**DATA FOR THIS EXERCISE:**
◆ ◆ ◆ ◆
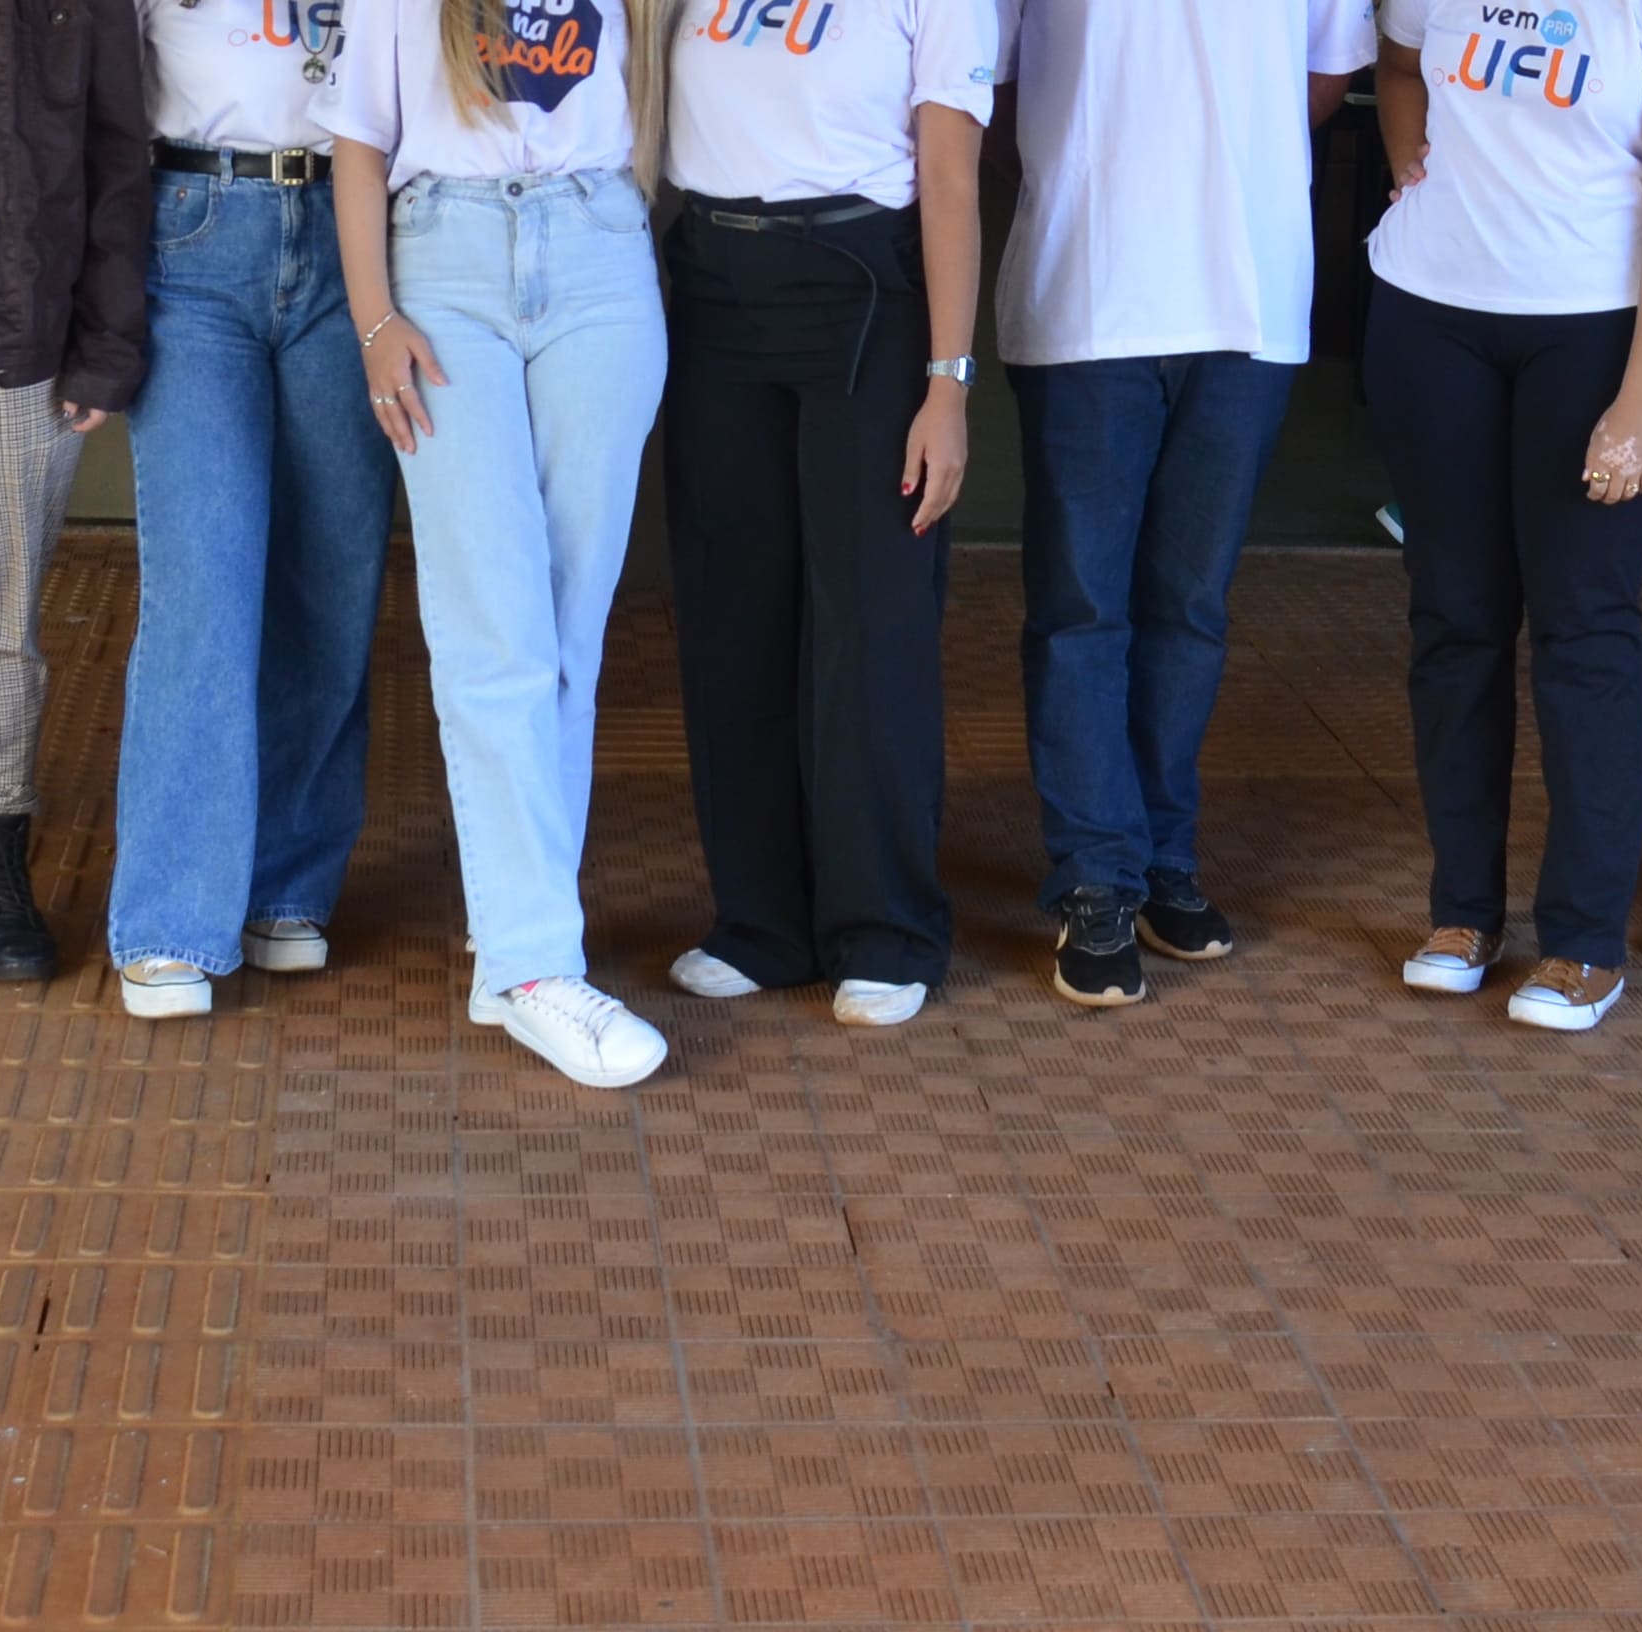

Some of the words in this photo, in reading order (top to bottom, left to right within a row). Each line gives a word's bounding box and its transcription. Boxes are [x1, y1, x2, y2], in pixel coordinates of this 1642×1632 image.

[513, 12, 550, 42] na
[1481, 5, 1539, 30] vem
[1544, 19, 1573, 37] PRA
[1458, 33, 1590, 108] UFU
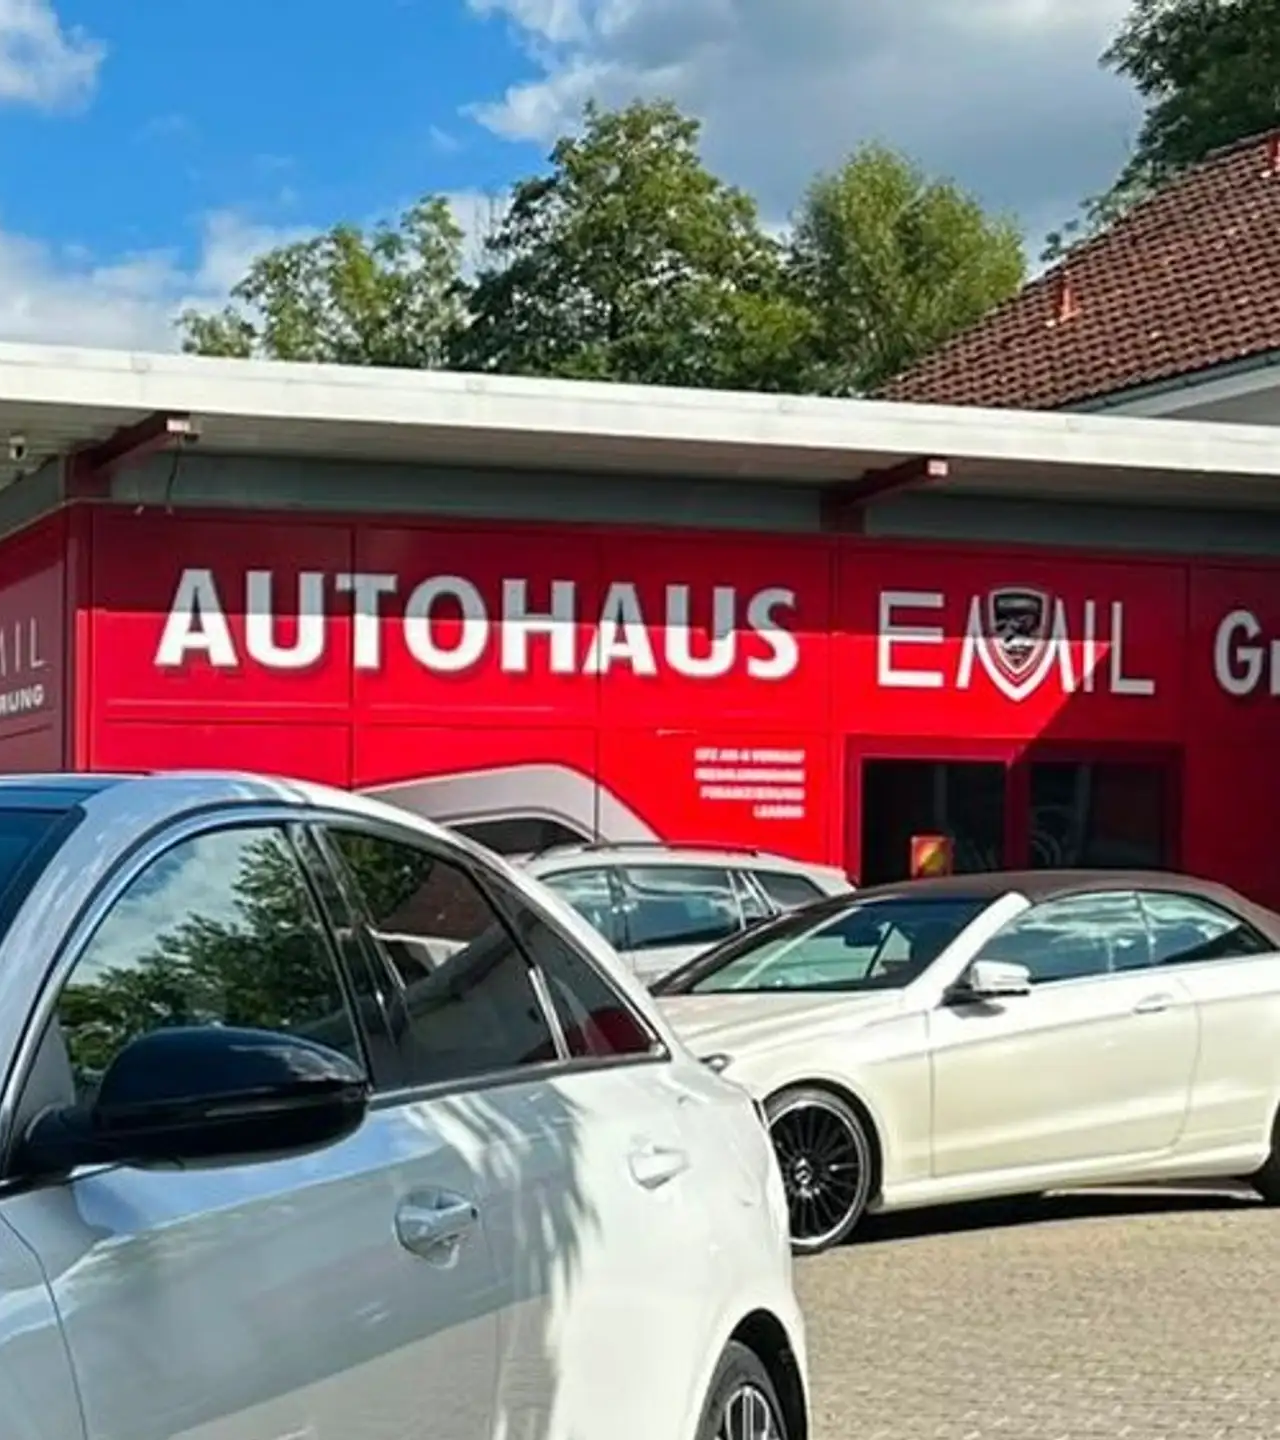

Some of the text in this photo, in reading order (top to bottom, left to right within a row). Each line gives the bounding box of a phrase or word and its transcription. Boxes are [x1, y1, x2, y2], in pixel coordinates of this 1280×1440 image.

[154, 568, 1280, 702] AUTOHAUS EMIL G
◆ ◆ ◆ ◆
What you should produce is an exact copy of the records, with the pictures left out.

**TASK OUTPUT:**
Some of the words in this photo, in reading order (top to bottom, left to right within a row). Each line gives a word's bounding box and its transcription. Boxes are [x1, y1, x2, y2], in pixel coordinates of this 1642×1632 image.

[513, 12, 550, 42] na
[1481, 5, 1539, 30] vem
[1544, 19, 1573, 37] PRA
[1458, 33, 1590, 108] UFU

Some of the text in this photo, in reading order (top to bottom, left to right within a row). Each line gives the bounding box of a phrase or word and its transcription. Boxes are [x1, y1, x2, y2], in pixel coordinates of this 1280×1440 image.

[154, 568, 1280, 702] AUTOHAUS EMIL G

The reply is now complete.